House of Royals(4)
The sky bleeds red and gold as the sun sets behind the Mississippi River. The air is hot and humid and oddly comforting.
Home. That’s what this place is now. Yet it feels so foreign.
“Would you like me to walk you back to your room?” Rath offers.
I just nod.
Soundlessly, we walk back through the grounds and into the ballroom, out into the grand entryway, and start down the hall. But my eyes catch on an open door and a painting on the wall.
I step into what looks to be a grand library. Filled shelves line the walls, all of them. They open in spaces, leaving room for a sculpture or a painting, and it is one of them that catch my eye.
“Your father was a great man,” Rath says. And it’s easy to hear the regret and sadness in his voice.
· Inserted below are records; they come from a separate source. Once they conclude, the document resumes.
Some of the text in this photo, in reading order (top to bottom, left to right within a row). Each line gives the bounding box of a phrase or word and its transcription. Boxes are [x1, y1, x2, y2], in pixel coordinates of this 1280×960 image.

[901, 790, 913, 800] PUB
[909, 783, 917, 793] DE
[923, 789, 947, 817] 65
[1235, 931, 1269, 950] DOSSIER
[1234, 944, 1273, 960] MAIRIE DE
I know I shouldn’t touch the painting, but still my fingers reach out to touch his face.
The same strong brows and the same narrow, serious lips. Same dark hair. Our eyes are different, our jaws not quite the same, but still. I look like the offspring of this man.
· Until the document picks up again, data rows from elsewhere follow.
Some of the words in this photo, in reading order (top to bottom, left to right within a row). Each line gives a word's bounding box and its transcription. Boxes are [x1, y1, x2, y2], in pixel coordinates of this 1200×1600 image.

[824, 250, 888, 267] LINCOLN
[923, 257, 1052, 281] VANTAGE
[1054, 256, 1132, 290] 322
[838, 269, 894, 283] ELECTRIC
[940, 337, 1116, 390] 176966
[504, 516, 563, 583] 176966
He was my father and I can’t deny that. After all these years, twenty-two of them to be exact, he finally has a face. And it looks like my own.
Without a word, I turn from him and walk out of the library. We turn down the hall, and I open the door to the guest bedroom.
“Thank you,” I say to Rath. He nods, and just as he turns to leave, I call out to him. “What room is yours?”
“I don’t live in the house,” Rath responds with a shake of his head. “The old servants quarters on the property was converted to a workers lodge long ago. I live there with everyone who works at the Estate.”
I nod, my eyes starting to glaze over. “So it’s just me in the house?”
“That’s the way your father preferred it,” Rath says.
I nod, feeling something in my stomach sinking. Rath turns to leave again. “Would you mind staying in the house with me? Just for a little while?” I call. He turns back to look at me. “So I’m not alone?”
He looks at me for a long moment. “If you wish, Miss Ryan,” he says with a bow.
A bow.
“I will be in the Wayne room,” Rath says, indicating the room across and down one from mine. “Should you need anything.”
“Thank you, Rath,” I say. And I mean it.
He bows one more time, turns, and leaves.
I step in the room and close the door behind me.
The furniture throughout the house has been a mix of extreme classic and modern. An ornate four-poster bed is accompanied by glass-faced nightstands. Across the room is a pink and gold leafed dresser with an ancient jewelry box atop it. The old and the new flow seamlessly.
I open the doors that let out onto the veranda, the pool just feet before it. A soft breeze flutters through, rustling the curtains. I settle into a rocking chair.
Two weeks ago, I got a phone call from an attorney here in Mississippi. The woman on the other line started going off about a Henry Conrath and his passing away. She explained his will, which was helpful. I’d gotten the official, large envelope just the day before and hadn’t understood why it had landed in my mailbox.
I was the daughter of a wealthy man from Silent Bend, Mississippi. The daughter of a man I didn’t know the name of. And I had just inherited his Estate, his money, everything.
My mother had lived here in Silent Bend for all of three months after getting her associate degree at some community college in Levan—where she’d grown up, an hour east of here. She’d gotten a job here. One night she went to a party where she met a charming man—and one thing led to another.
It was the end of the summer, and she left for college two days later, heading to veterinary school in Colorado. Only three weeks later, she learned she was pregnant and barely remembered the name of the man. But she never said a word to him, and all my life she simply told me that we were strong women—we could do anything on our own.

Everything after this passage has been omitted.